Yo agarraría aquel par de cartas y confeccionaría dos avioncitos y los lanzaría por la ventana de mi habitación, para que se quedaran enredados en alguna terraza desierta.

Se hacía tarde en Nueva York. Mucha gente se tomó el derecho a decir que yo era su amigo, pero principalmente, ciertos individuos que apenas conocía, se estaban tomando el privilegio de hacerme su enemigo. La puerta del 41- 08 no paraba de retumbar.

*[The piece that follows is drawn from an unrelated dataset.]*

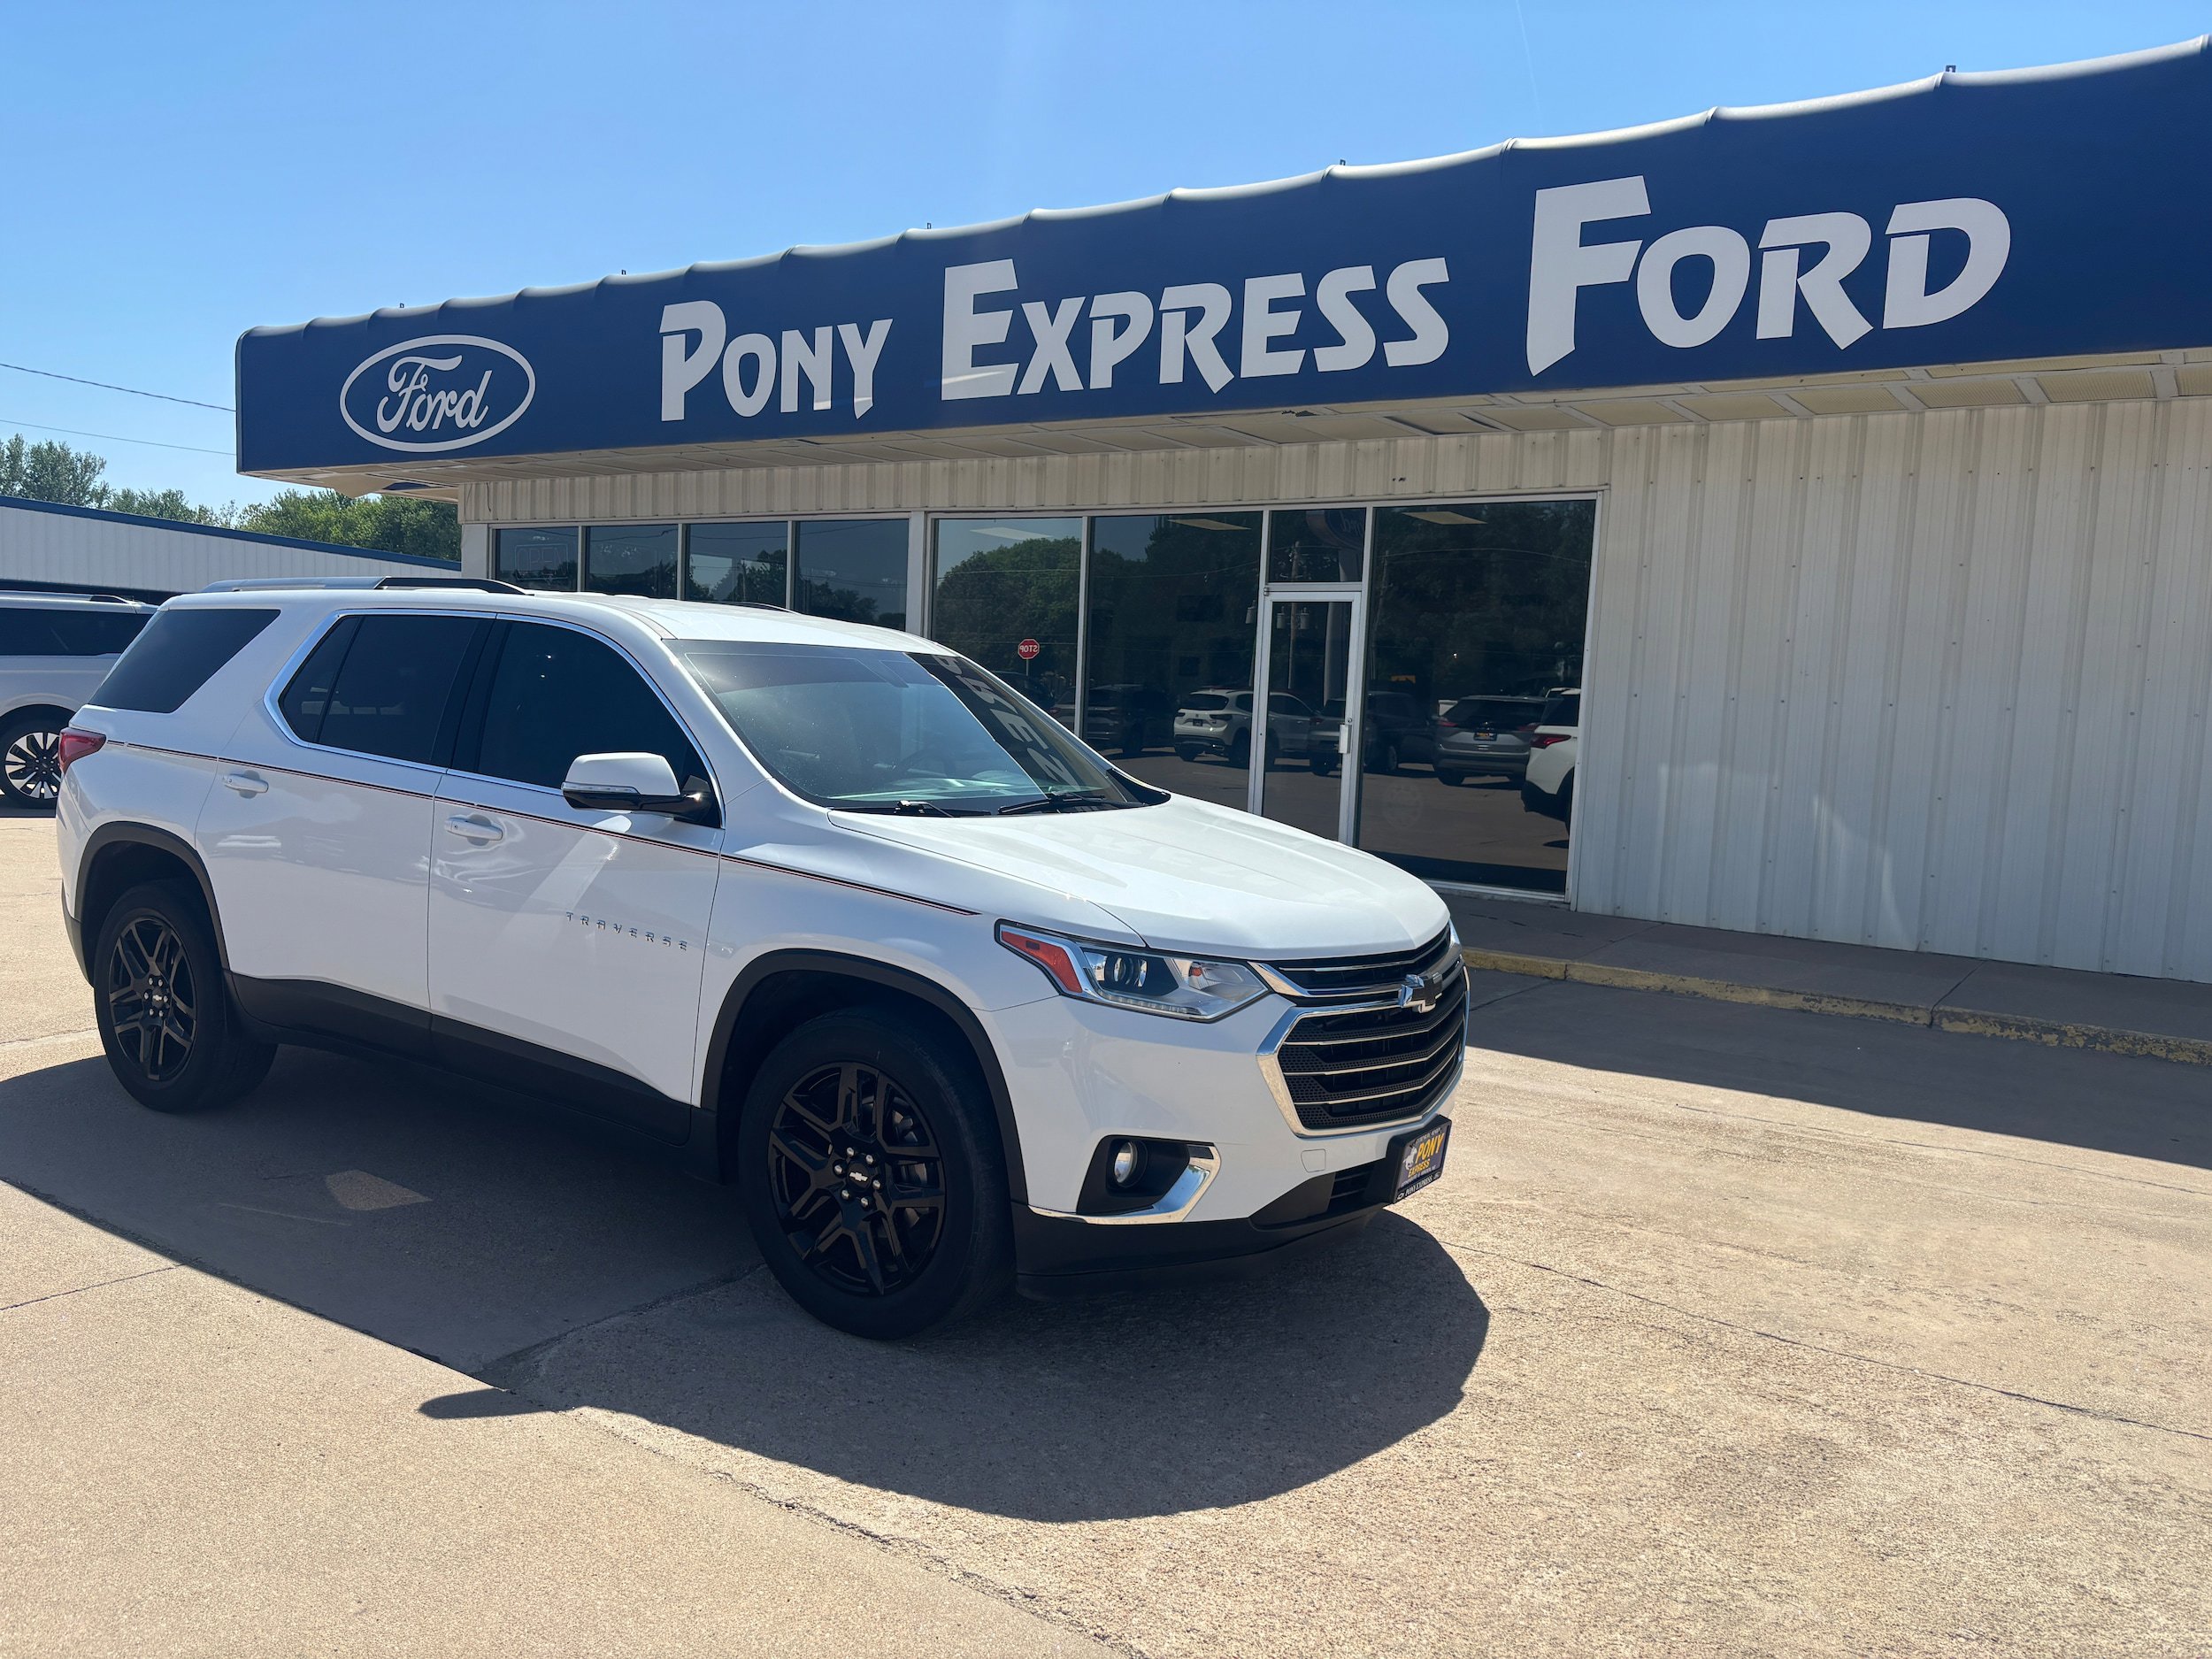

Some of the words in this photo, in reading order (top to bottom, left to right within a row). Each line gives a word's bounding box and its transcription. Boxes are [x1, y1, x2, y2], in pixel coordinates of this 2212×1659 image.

Una vez, el editor de la revista Divino Magazine se metió por la ventana de mi habitación y quiso que yo le diera un par de palmaditas en la espalda. Yo no se las di, pero igual, él se dio cuenta también de que yo sólo era un chico en una habitación, con una máquina de escribir y un par de cervezas en el refrigerador.

Ese editor era el famosísimo Jon Ospina. Uno que se hacía pasar como diseñador gráfico, pero en realidad era el cerebro detrás del poder. Tenía toda la perversidad de un gato cazando ratones al amanecer. Había estudiado en la Universidad Pontificia Bolivariana de Medellín y tenía todo el lastre católico en su acento paisa. Era ese tipo de personas que te encontrabas en medio de la oscuridad y le brillaban los ojos, mientras se te quedaba mirando fijamente. Al final, sacaba un cigarrillo y te ofrecía fuego con una antorcha hecha de estopa y parafina. La revista que tenía en sus manos era uno de los primeros números.

Jon Ospina había irrumpido en el mercado llevándose por delante a Rock Clandestino, otra publicación musical de New Jersey. Jon me preguntó que opinaba de la revista y yo le dije que lo único que encontraba interesante era un artículo del cronista pop Gastón Stinger, criticando la ramplonería de la emisora La Mega, y en especial de su programa EL VACILÓN DE LA MAÑANA. Se trataba de un artículo bastante racista y anti-inmigrante, pero al parecer, ese tipo de alabanzas no eran de las que quería escuchar Jon. A mí me parecía que la actitud de Gastón era más honesta que el de muchos otros periodistas, quienes se valían de un discurso políticamente correcto, para captar el beneplácito de los comerciantes necesitados de exenciones tributarias.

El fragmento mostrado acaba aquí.